上段の枝にたどりつくと、三毛猫が黒藤の方を見た。

まだ子猫といった大きさだ。白桜、よく見つけたな。

「おいで――って、え」

呼んだ瞬間、三毛猫が黒藤の方に飛び込んできた。いや、人馴れしすぎてないか――うわ!?

三毛猫が飛び込んできた衝撃で黒藤の足場がふらついた。
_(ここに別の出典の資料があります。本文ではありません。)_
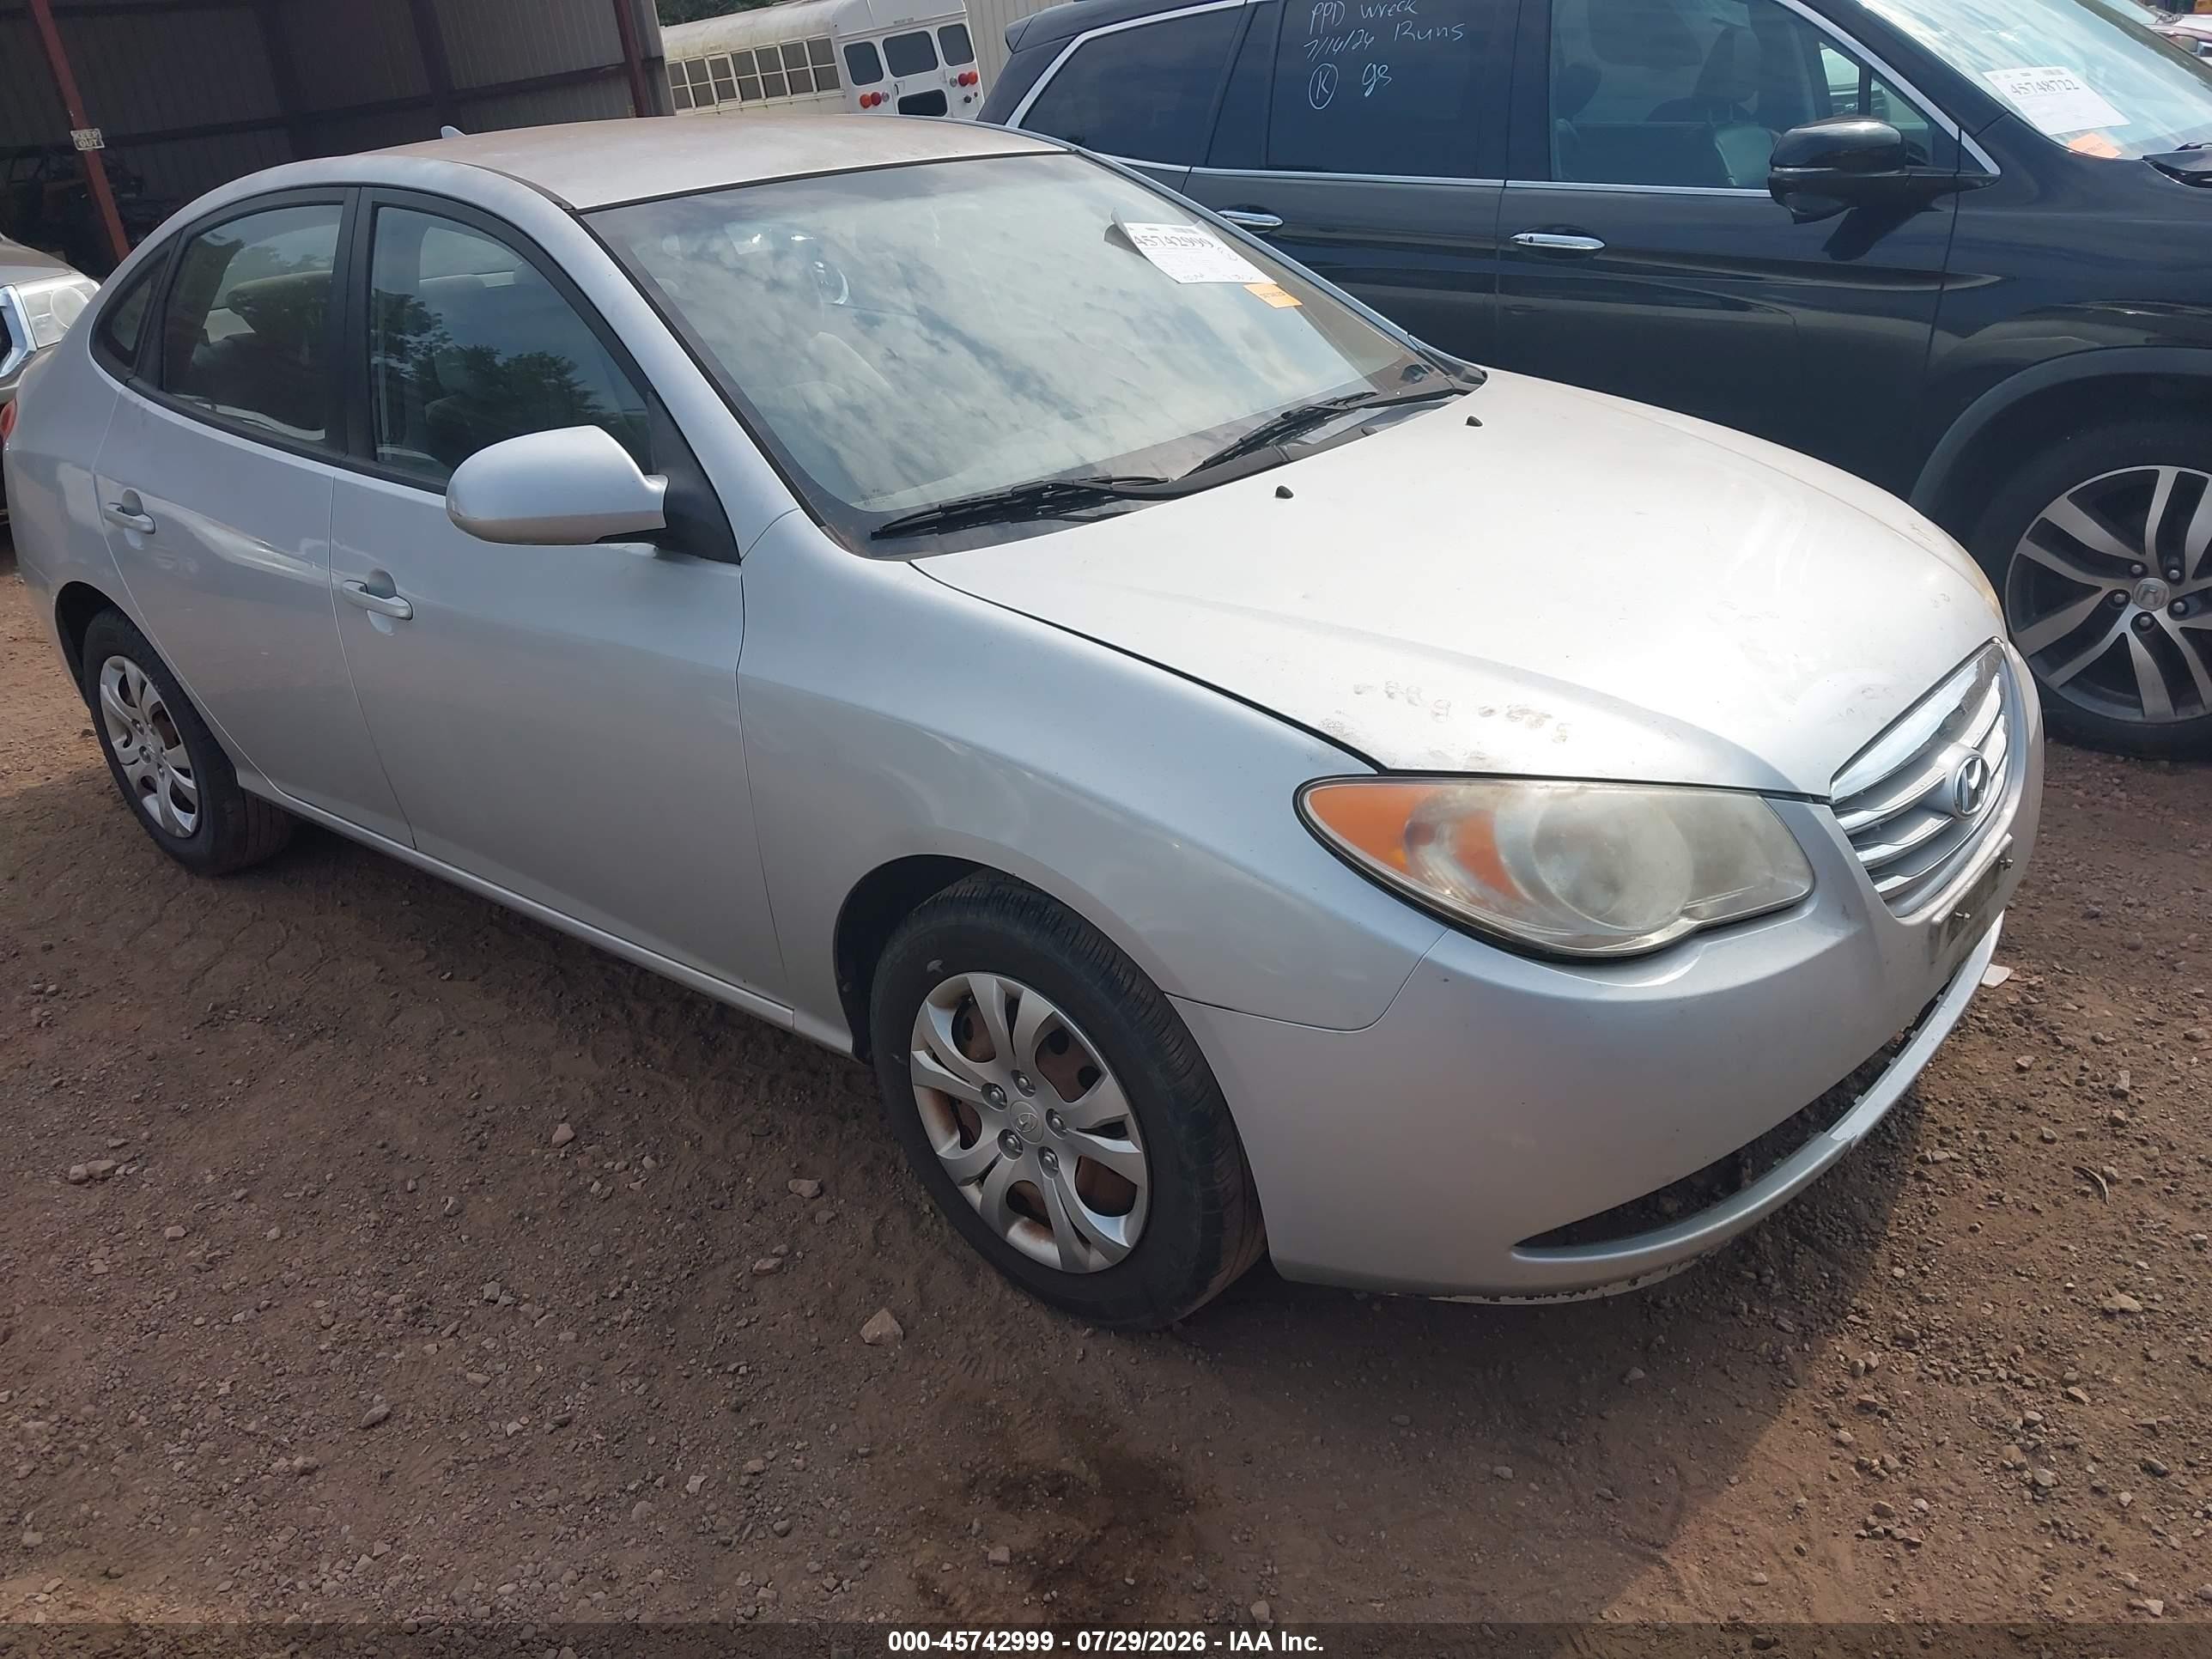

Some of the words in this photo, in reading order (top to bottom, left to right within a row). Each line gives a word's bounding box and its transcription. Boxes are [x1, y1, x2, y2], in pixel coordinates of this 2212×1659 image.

[1310, 0, 1346, 35] PPD
[1359, 0, 1419, 20] wreck
[1394, 20, 1466, 42] Runs
[2010, 79, 2080, 95] 45748722
[1133, 234, 1215, 249] 45742999
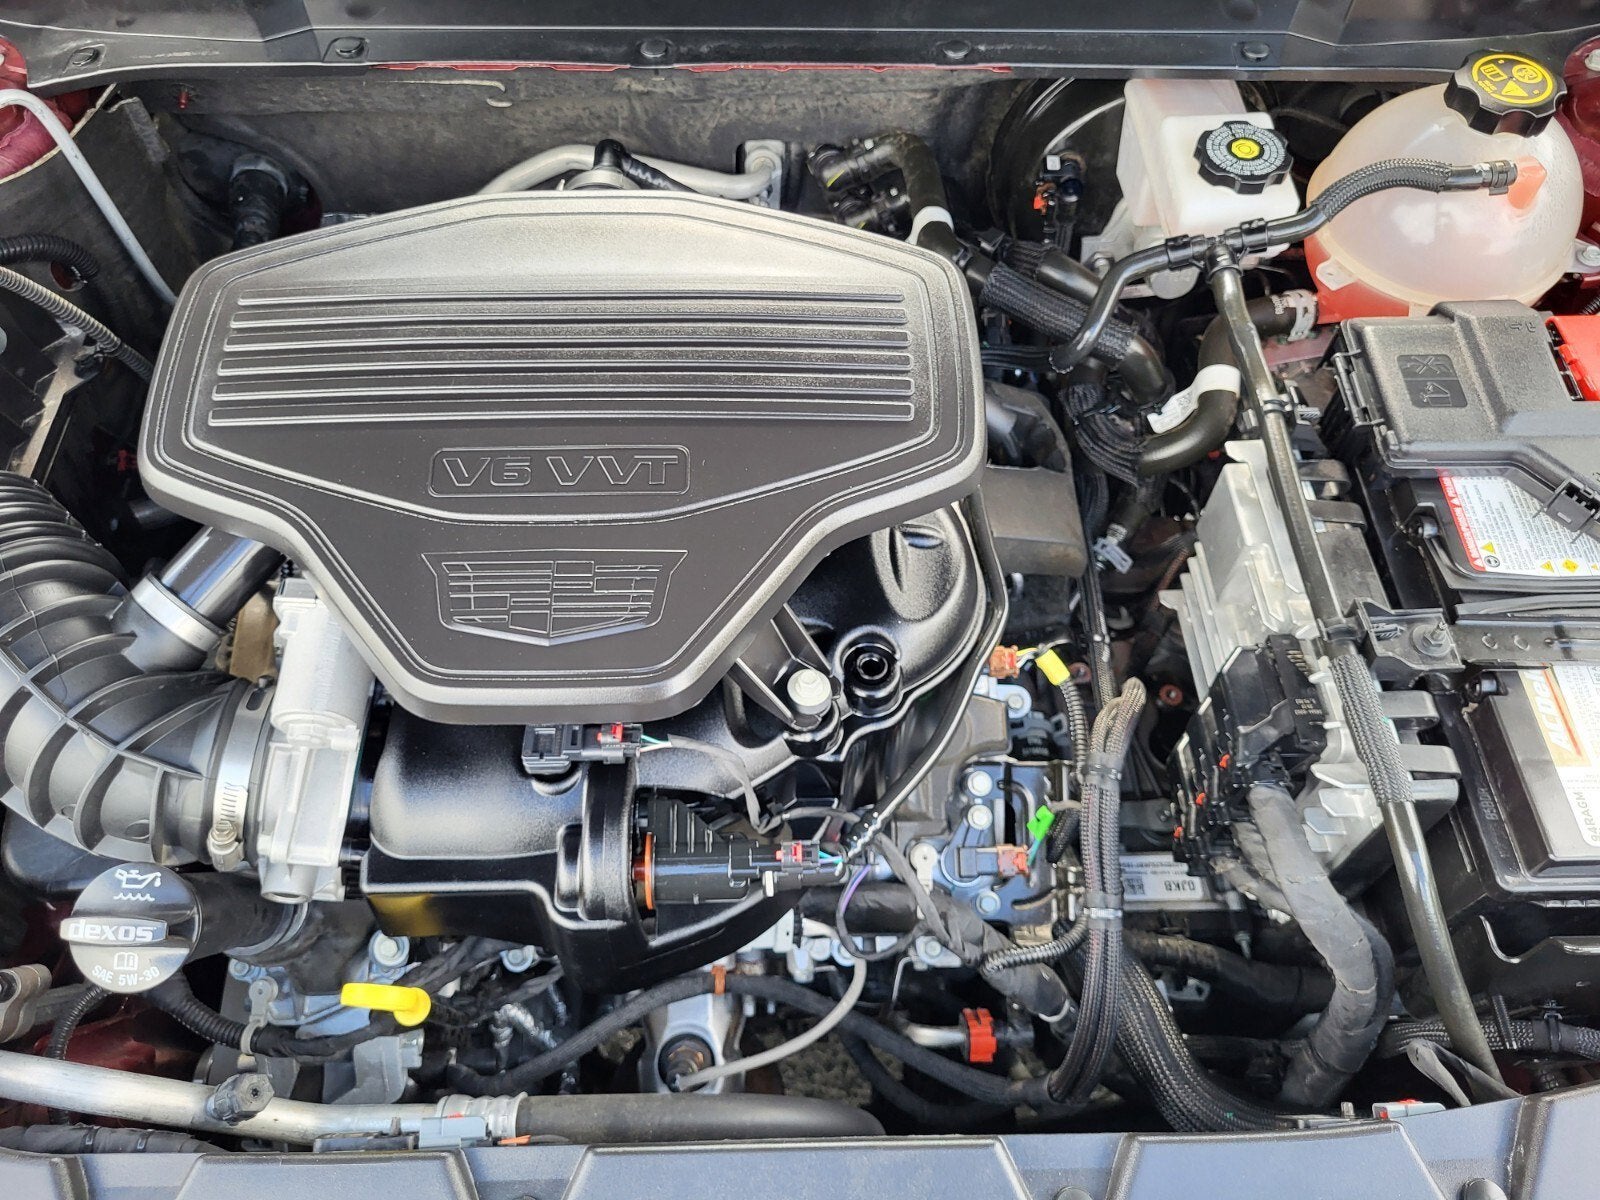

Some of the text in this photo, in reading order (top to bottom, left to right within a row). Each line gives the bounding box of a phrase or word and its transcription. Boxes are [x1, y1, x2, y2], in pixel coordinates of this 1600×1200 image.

[443, 455, 679, 487] V6 VVT
[69, 919, 155, 942] dexos
[92, 964, 160, 987] SAE 5W-30
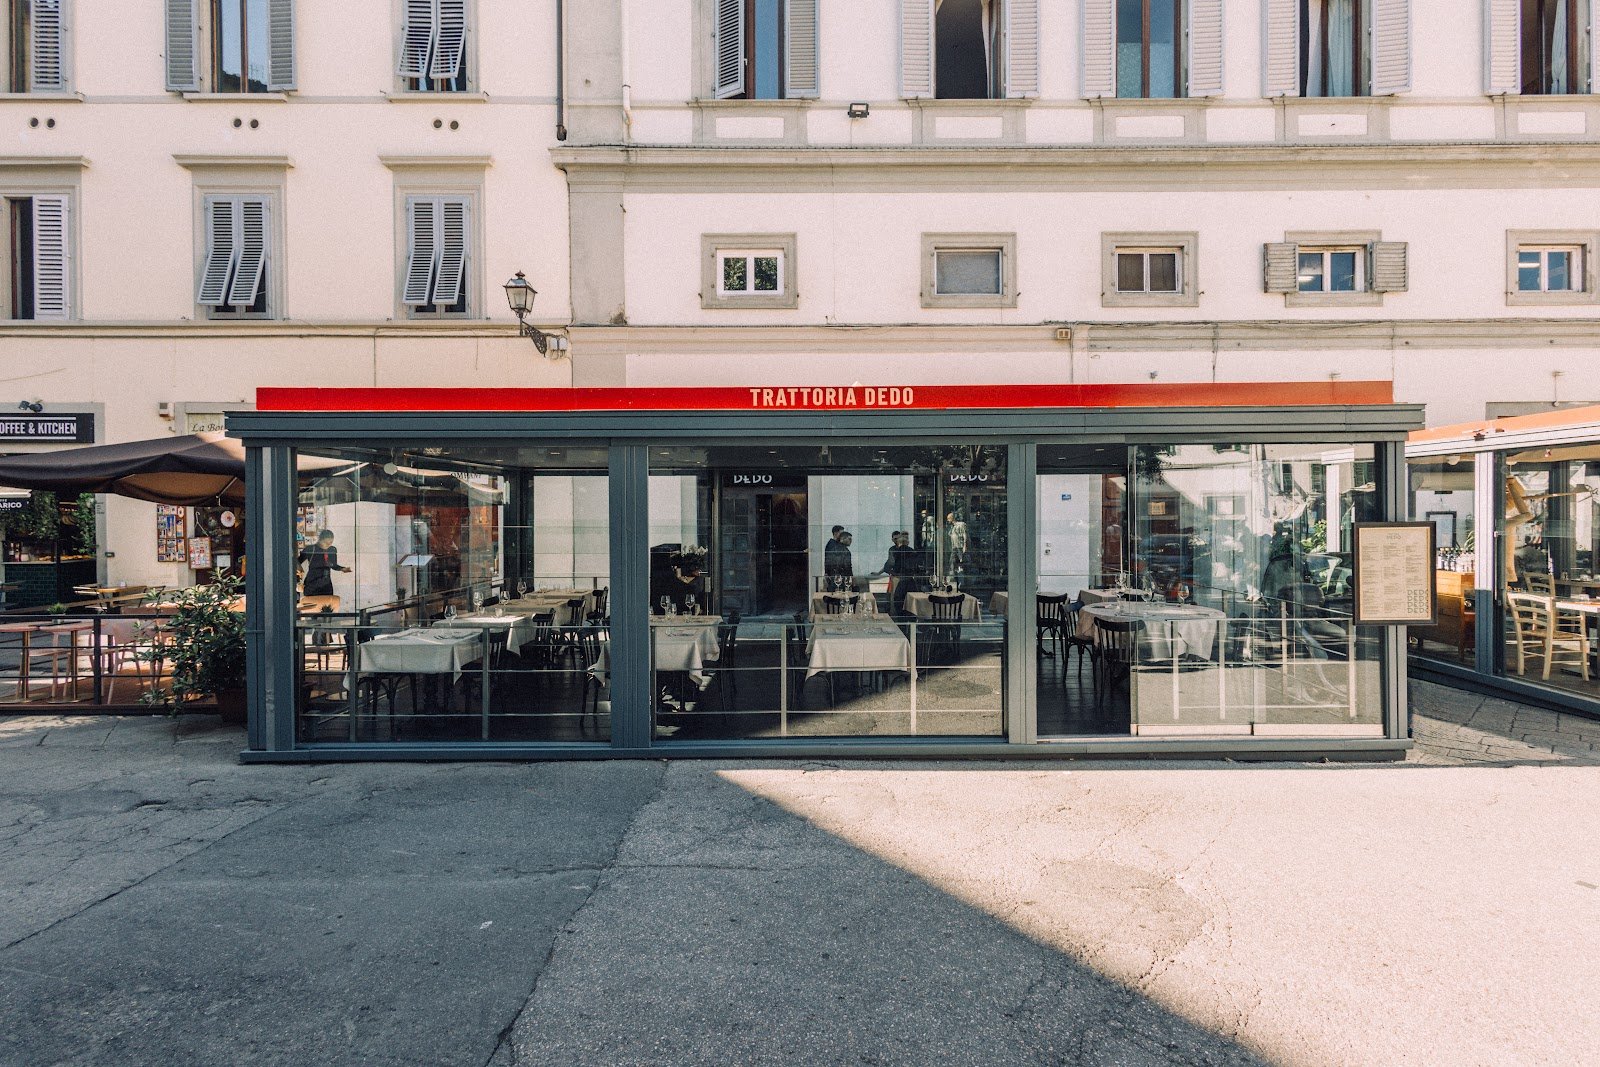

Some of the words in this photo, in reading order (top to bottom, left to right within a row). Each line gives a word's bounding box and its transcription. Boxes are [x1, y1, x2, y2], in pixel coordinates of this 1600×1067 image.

[750, 388, 857, 407] TRATTORIA
[864, 387, 914, 406] DEDO
[28, 422, 35, 434] &
[38, 422, 77, 434] KITCHEN
そしてそのまま真っ逆さまに落ちてしまった。

「にいさま!」

白桜の声が耳に響いて、しかし体に受けたのは衝撃ではなく、いつも黒藤を護ってくれる霊力。

つぶってしまった目を開けると、無月がため息をつきつつ黒藤をその腕に抱きとめてくれていた。

「あ、ありがとう、無月」

「……無茶をするなと言っただろう」

「ごめんごめん。白桜、ほら」

地面におろしてくれた無月に礼を言って、抱いたままの子猫を白桜に見せる。

青ざめていた白桜の目がまたキラキラした。

「ぼ、ぼくがさわってもよいのですかっ?」

「うん、抱っこしてあげな」

「はいっ」

おとなしくなった三毛猫を、白桜に渡す。

白桜の手が三毛猫に触れた瞬間――黒藤たちの手から光がほとばしり、あたりが真っ白になった。

「白桜!?」

「にいさま!」

視界すべてが真っ白の中、叫ぶと遠くに白桜に声が聞こえた。

直後、今度は黒藤の意識が暗転した。